Jenny Nordberg, Sweden and the United States, is a New York-based investigative reporter and author.

A columnist and correspondent for Svenska Dagbladet, her work has also been published in The New York Times, The New York Times Magazine,, The Atlantic, The Guardian, ELLE, BUST, and Teen Vogue. In 2010, she broke the story of “bacha posh” — how girls grow up disguised as boys in gender-segregated Afghanistan. The cross-border investigation was published in The New York Times and The International Herald Tribune, and expanded into the book The Underground Girls of Kabul: In search of a hidden resistance in Afghanistan, published in 2014 and translated into German, French, Italian, Portuguese, Polish, Swedish, Danish, Finnish, Dutch, Russian, Turkish and Malayalam. To date, it is the only original non-fiction work investigating and documenting the practice of “bacha posh”. The book was awarded the 2015 J. Anthony Lukas Book Prize from Columbia University’s Graduate School of Journalism and The Neiman Foundation for Journalism at Harvard University.

At the New York Times’ investigative unit, Nordberg has worked on projects such as an examination of the American freight railroad system; a series that won the Pulitzer Prize for National Reporting, and U.S. efforts at exporting democracy to Haiti. She has also produced and written several documentaries for American television, on Iraqi refugees, Pakistan’s nuclear proliferation and the impact of the global financial crisis in Europe.

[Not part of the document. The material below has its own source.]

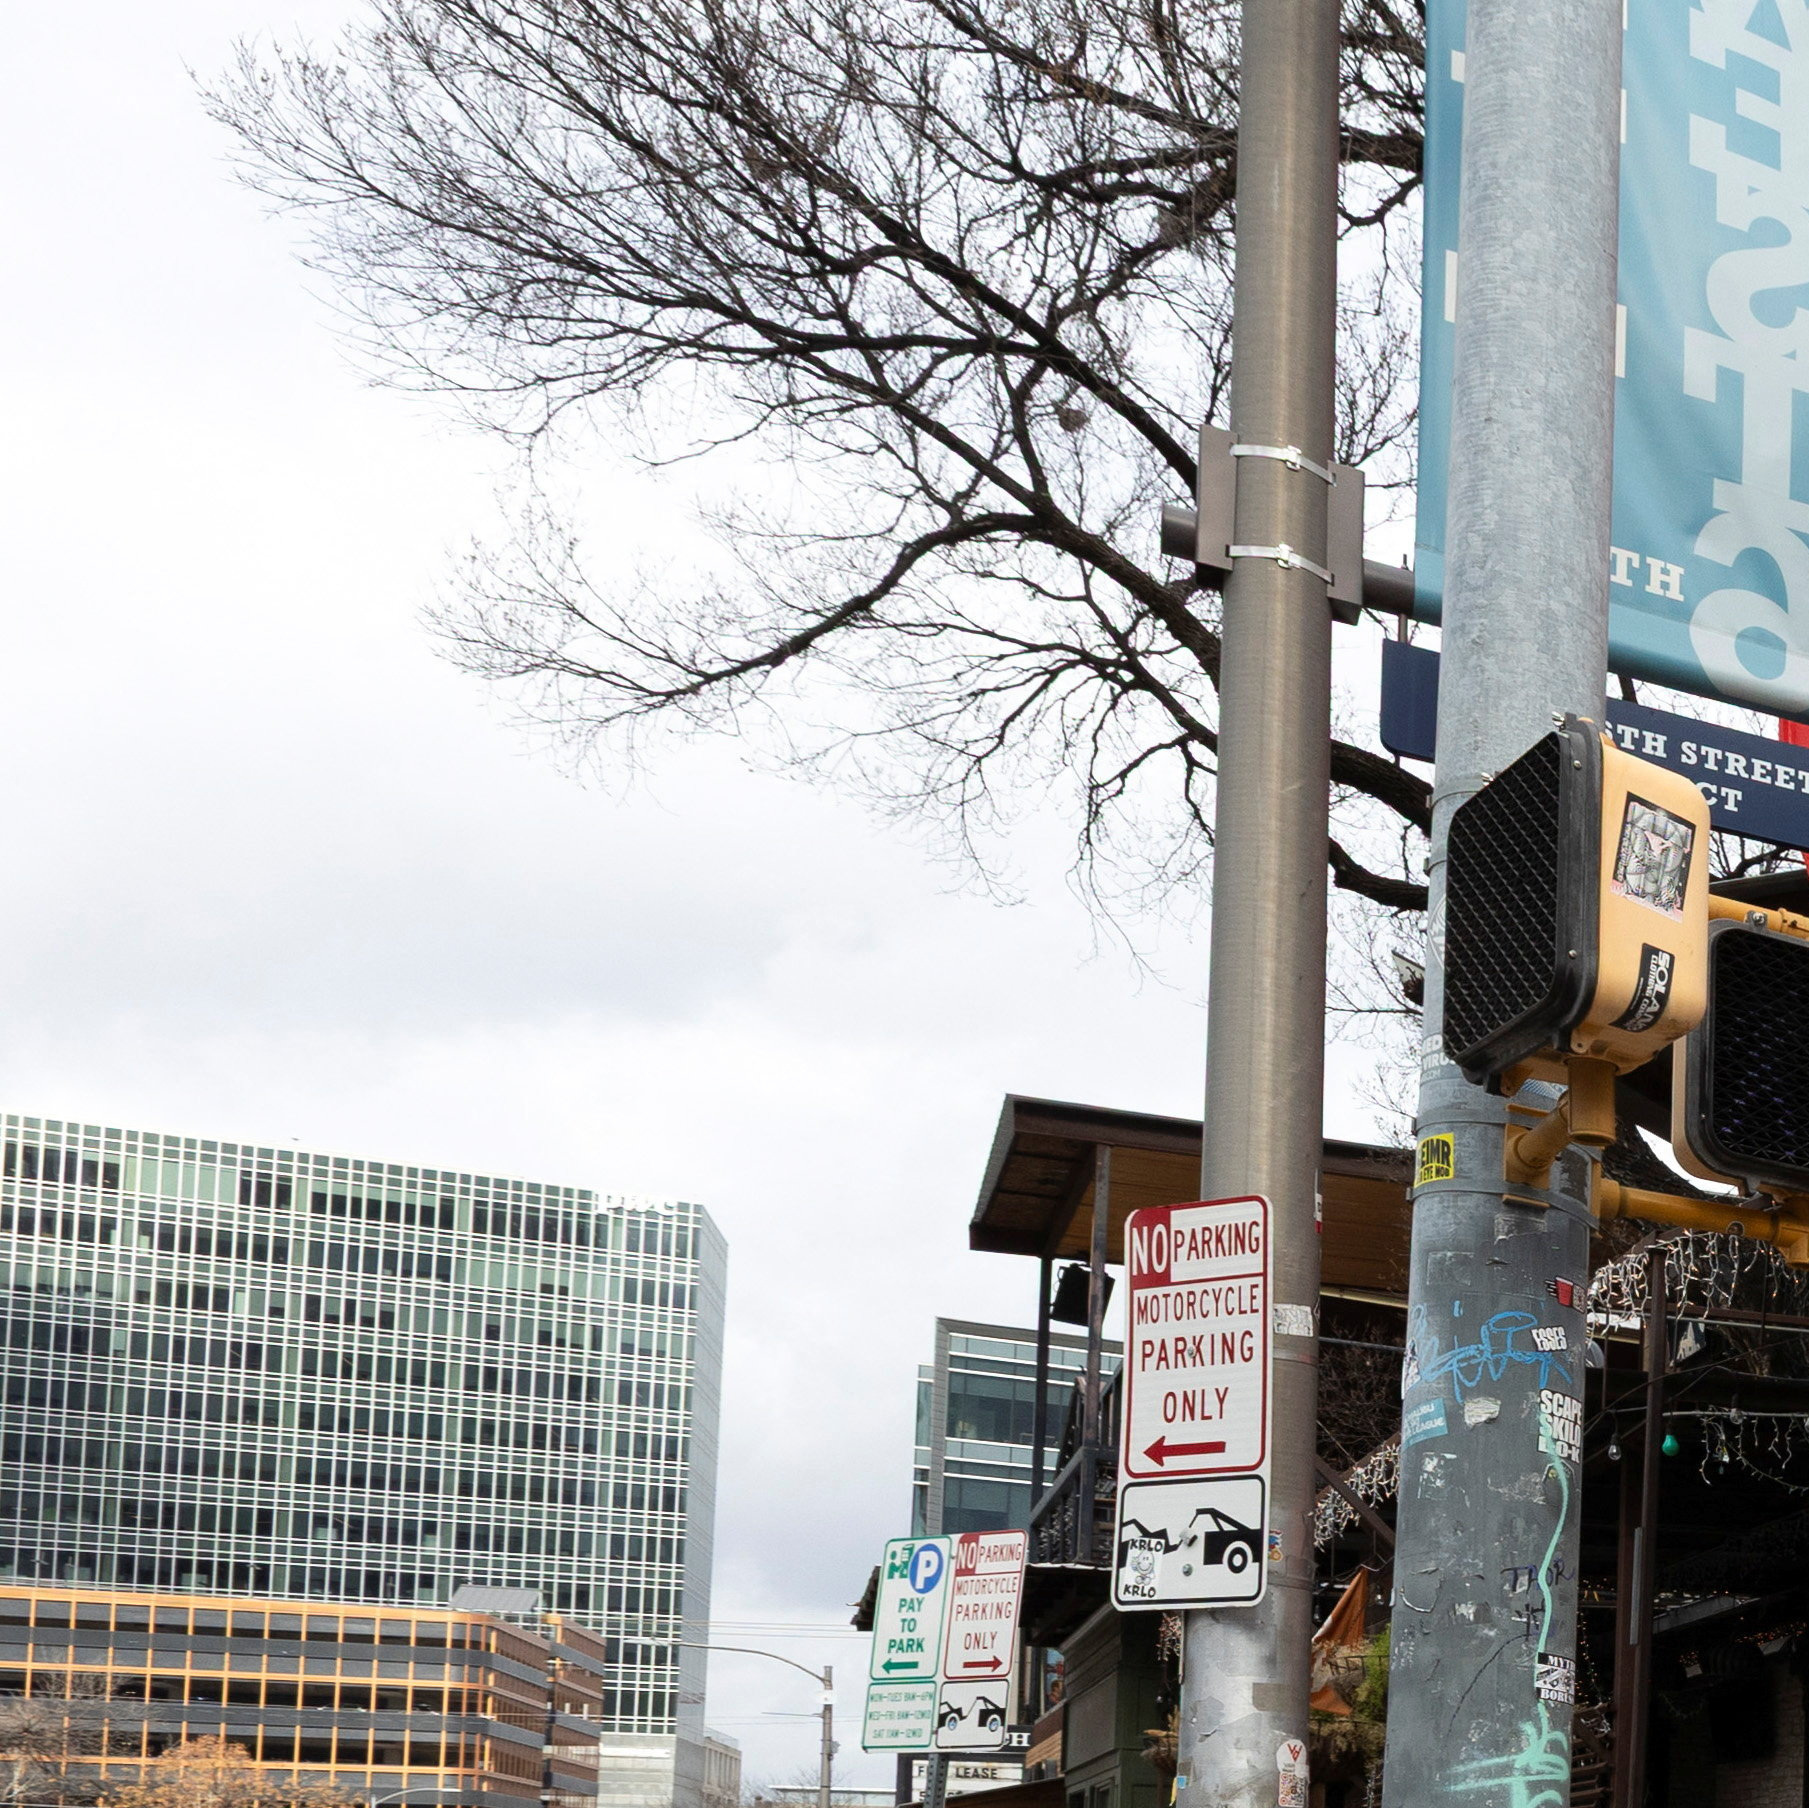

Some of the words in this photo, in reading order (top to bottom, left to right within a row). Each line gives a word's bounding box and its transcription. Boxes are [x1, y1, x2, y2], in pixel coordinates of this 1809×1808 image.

In Sweden, Nordberg was a member of the first investigative team at Swedish Broadcasting’s national radio division, where she supervised projects on terrorism and politics. She has won awards from Investigative Reporters and Editors, The Robert F. Kennedy Journalism Award and Guldspaden, Sweden’s premier journalism recognition. 

Nordberg regularly lectures on gender and investigative journalism and has appeared on NPR, WNYC, MSNBC and The Jon Stewart Show to discuss her work. In the spring of 2016, she taught international investigations at New York University's Global Journalism program. She holds a bachelor's degree in law and journalism from Stockholm University and a master's from Columbia University’s Graduate School of Journalism.